Collected data entries:
[Start of section]
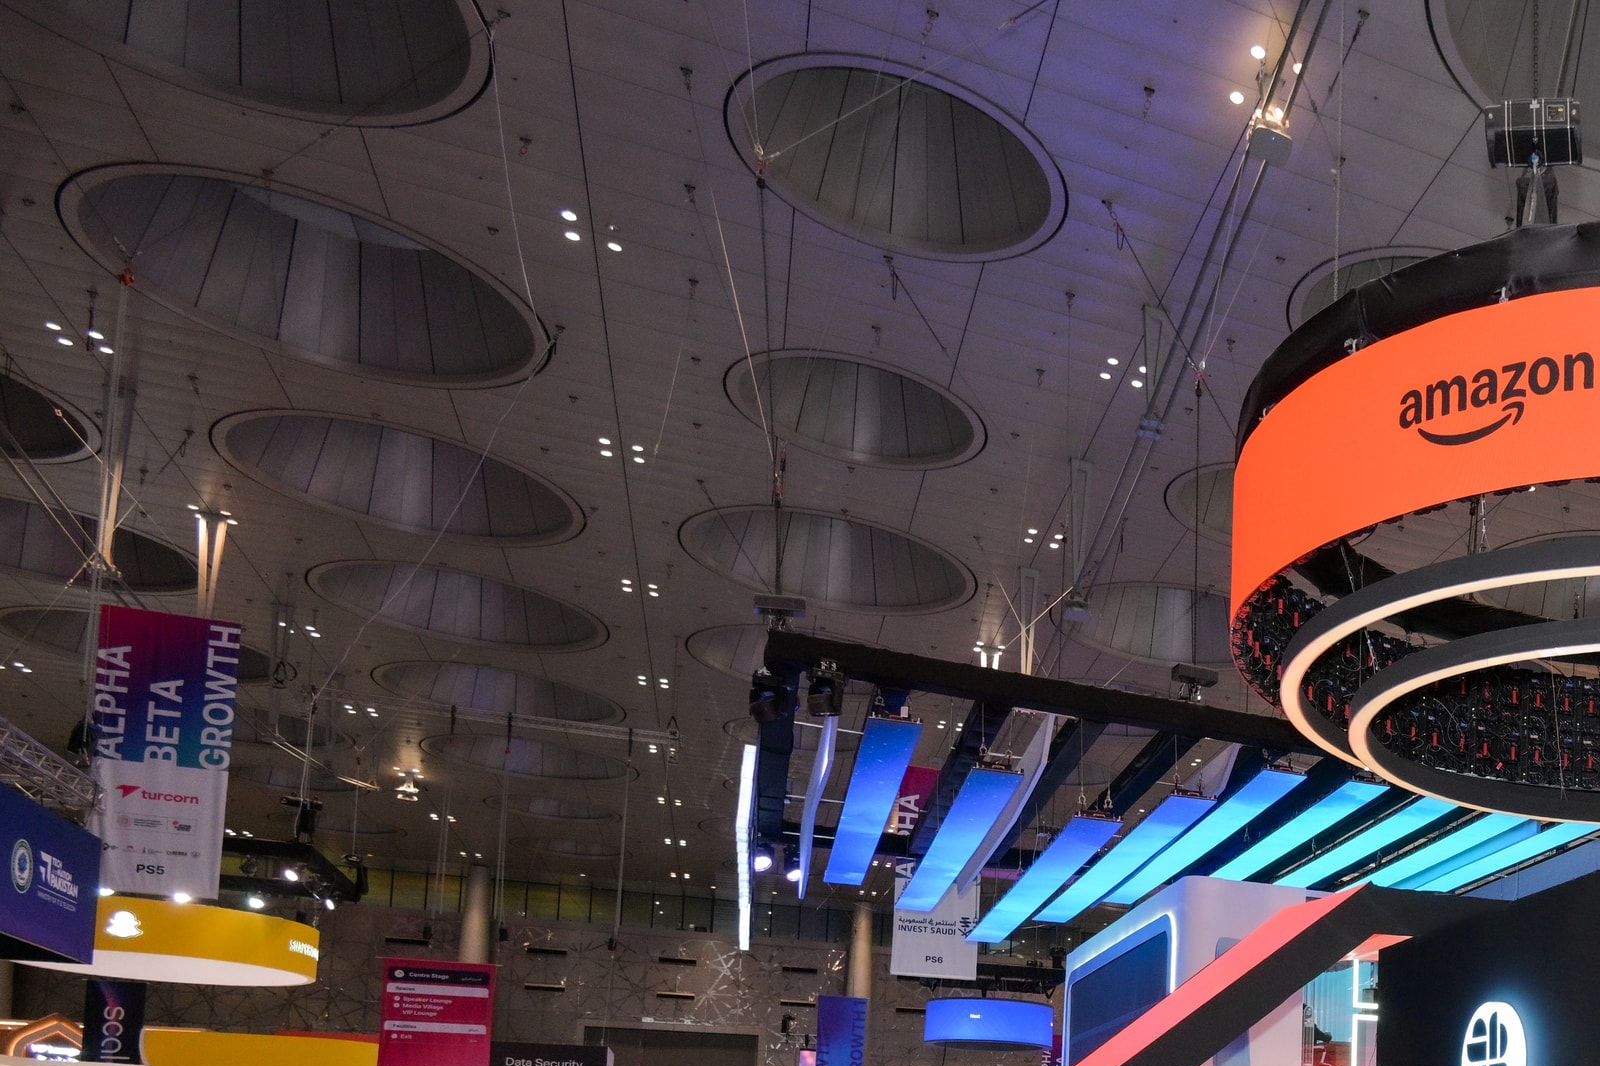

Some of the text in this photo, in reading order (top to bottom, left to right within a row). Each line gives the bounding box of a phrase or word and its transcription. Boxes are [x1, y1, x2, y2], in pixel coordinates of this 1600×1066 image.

[1399, 351, 1595, 429] amazon
[94, 645, 133, 761] ALPHA
[198, 624, 242, 772] GROWTH
[143, 679, 185, 769] BETA
[141, 790, 199, 804] turcorn
[136, 864, 165, 875] PS5
[898, 924, 956, 935] INVEST SAUDI
[925, 955, 943, 963] PS6
[402, 996, 428, 1004] Speaker
[505, 1057, 533, 1066] Data
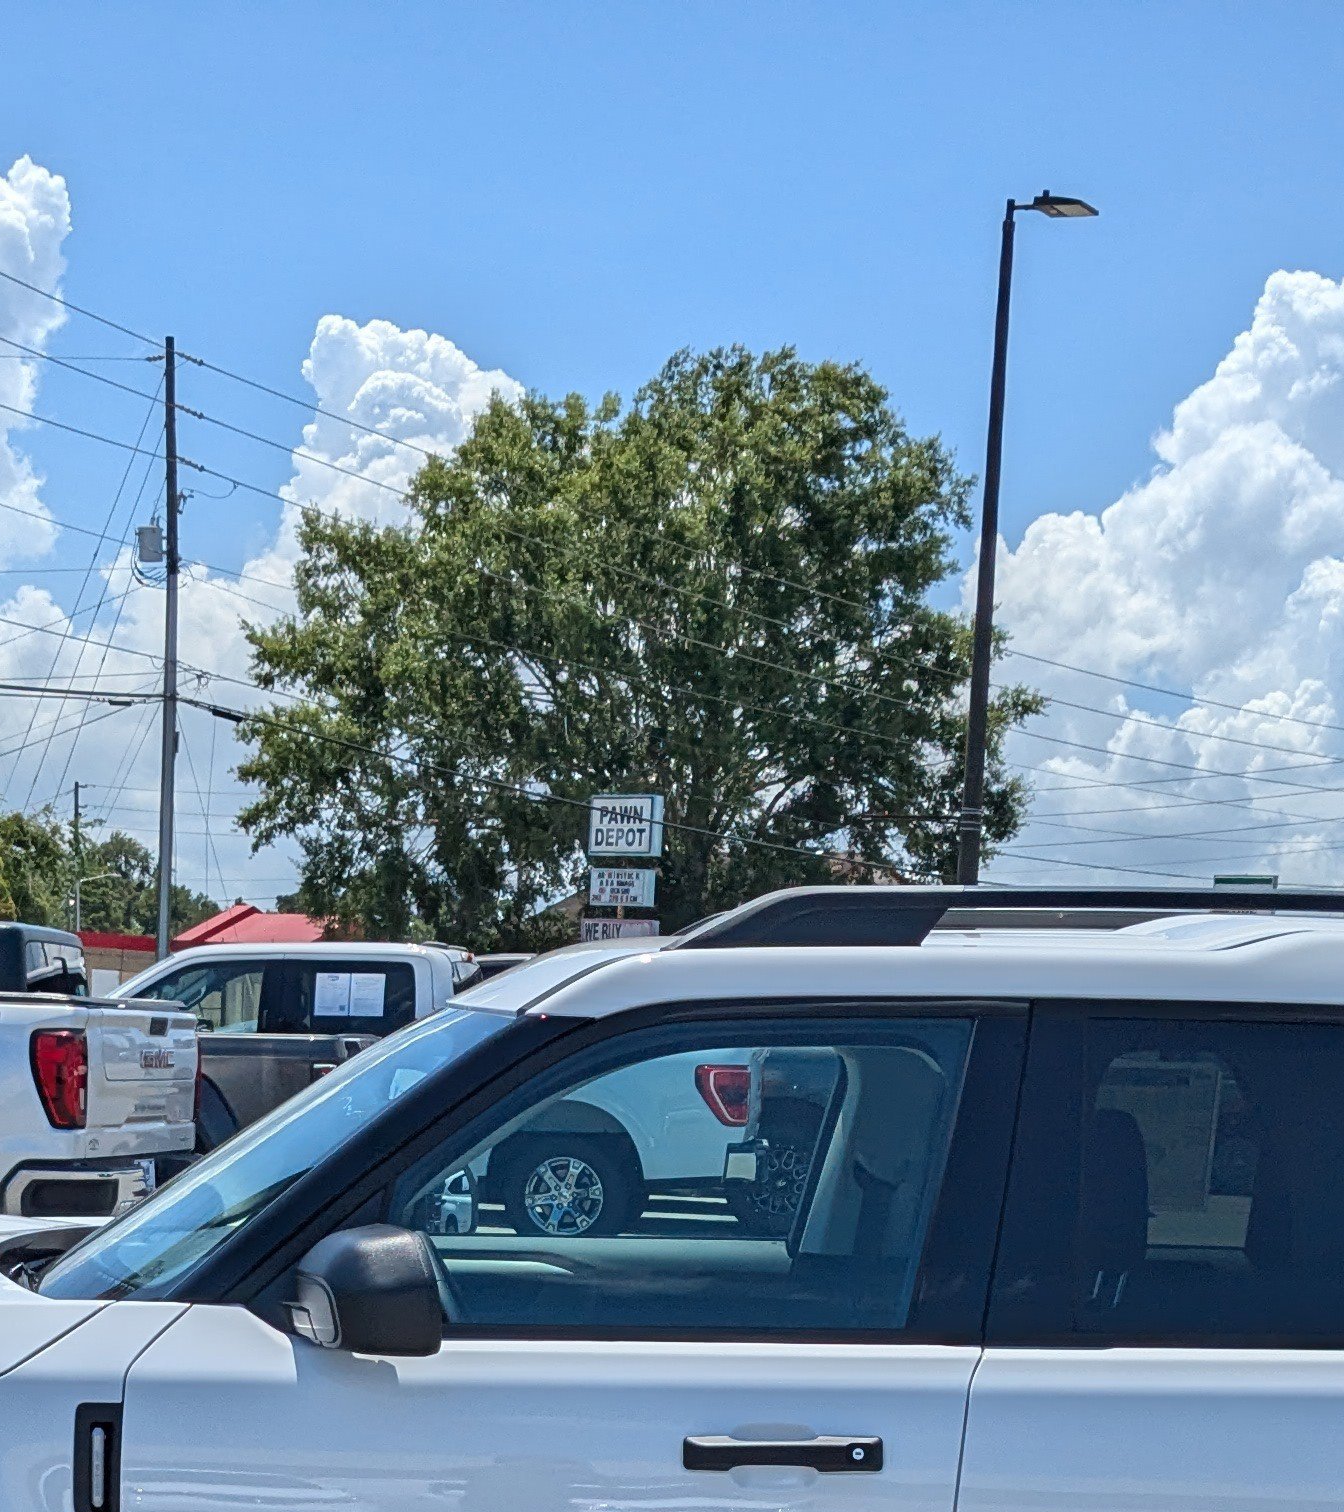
[End of section]
About this exercise:
Pictures must not appear in the copy, and every record must be restated word for word.

Answer to this problem:
Some of the text in this photo, in reading order (top to bottom, left to right within a row). Each line gives the bounding box of a phrase or word and its transcription. Boxes are [x1, y1, x2, y2], in pixel coordinates of this 1600×1066 image.

[1399, 351, 1595, 429] amazon
[94, 645, 133, 761] ALPHA
[198, 624, 242, 772] GROWTH
[143, 679, 185, 769] BETA
[141, 790, 199, 804] turcorn
[136, 864, 165, 875] PS5
[898, 924, 956, 935] INVEST SAUDI
[925, 955, 943, 963] PS6
[402, 996, 428, 1004] Speaker
[505, 1057, 533, 1066] Data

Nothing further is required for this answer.